**EXERCISE:**
Transcribe exactly the line containing "this 1920×1440 image." and each line after it, through the end of the entries, with nothing before or after.

**INPUT:**
((

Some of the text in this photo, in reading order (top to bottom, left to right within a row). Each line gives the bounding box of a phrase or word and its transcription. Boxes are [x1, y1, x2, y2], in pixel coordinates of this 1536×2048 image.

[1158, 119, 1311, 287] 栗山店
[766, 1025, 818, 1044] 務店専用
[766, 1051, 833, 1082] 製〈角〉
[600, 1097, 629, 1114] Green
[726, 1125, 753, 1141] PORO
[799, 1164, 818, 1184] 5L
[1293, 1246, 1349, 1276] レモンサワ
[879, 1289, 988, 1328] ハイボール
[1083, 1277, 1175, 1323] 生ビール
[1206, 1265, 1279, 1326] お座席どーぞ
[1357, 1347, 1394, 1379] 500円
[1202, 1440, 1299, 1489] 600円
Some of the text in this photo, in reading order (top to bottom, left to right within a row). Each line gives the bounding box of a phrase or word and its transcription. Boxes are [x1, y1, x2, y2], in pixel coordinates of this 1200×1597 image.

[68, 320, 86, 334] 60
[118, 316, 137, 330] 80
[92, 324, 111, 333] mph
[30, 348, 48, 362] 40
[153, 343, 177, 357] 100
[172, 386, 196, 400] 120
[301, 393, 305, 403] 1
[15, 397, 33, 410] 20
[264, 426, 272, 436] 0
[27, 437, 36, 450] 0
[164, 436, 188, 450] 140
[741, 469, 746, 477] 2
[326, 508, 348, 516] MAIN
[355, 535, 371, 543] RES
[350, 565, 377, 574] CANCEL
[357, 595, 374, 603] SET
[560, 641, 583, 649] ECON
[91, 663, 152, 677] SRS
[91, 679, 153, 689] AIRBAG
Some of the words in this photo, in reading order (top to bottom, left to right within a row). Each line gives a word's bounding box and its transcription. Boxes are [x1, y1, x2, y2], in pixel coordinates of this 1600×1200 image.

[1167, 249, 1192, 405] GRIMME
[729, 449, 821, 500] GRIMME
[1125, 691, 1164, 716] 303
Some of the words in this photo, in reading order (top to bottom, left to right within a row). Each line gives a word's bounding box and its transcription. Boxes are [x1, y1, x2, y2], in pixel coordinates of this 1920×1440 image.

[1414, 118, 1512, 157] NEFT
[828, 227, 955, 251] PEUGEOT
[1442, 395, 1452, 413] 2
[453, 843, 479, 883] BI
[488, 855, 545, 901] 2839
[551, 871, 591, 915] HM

))

**TASK OUTPUT:**
Some of the words in this photo, in reading order (top to bottom, left to right within a row). Each line gives a word's bounding box and its transcription. Boxes are [x1, y1, x2, y2], in pixel coordinates of this 1920×1440 image.

[1414, 118, 1512, 157] NEFT
[828, 227, 955, 251] PEUGEOT
[1442, 395, 1452, 413] 2
[453, 843, 479, 883] BI
[488, 855, 545, 901] 2839
[551, 871, 591, 915] HM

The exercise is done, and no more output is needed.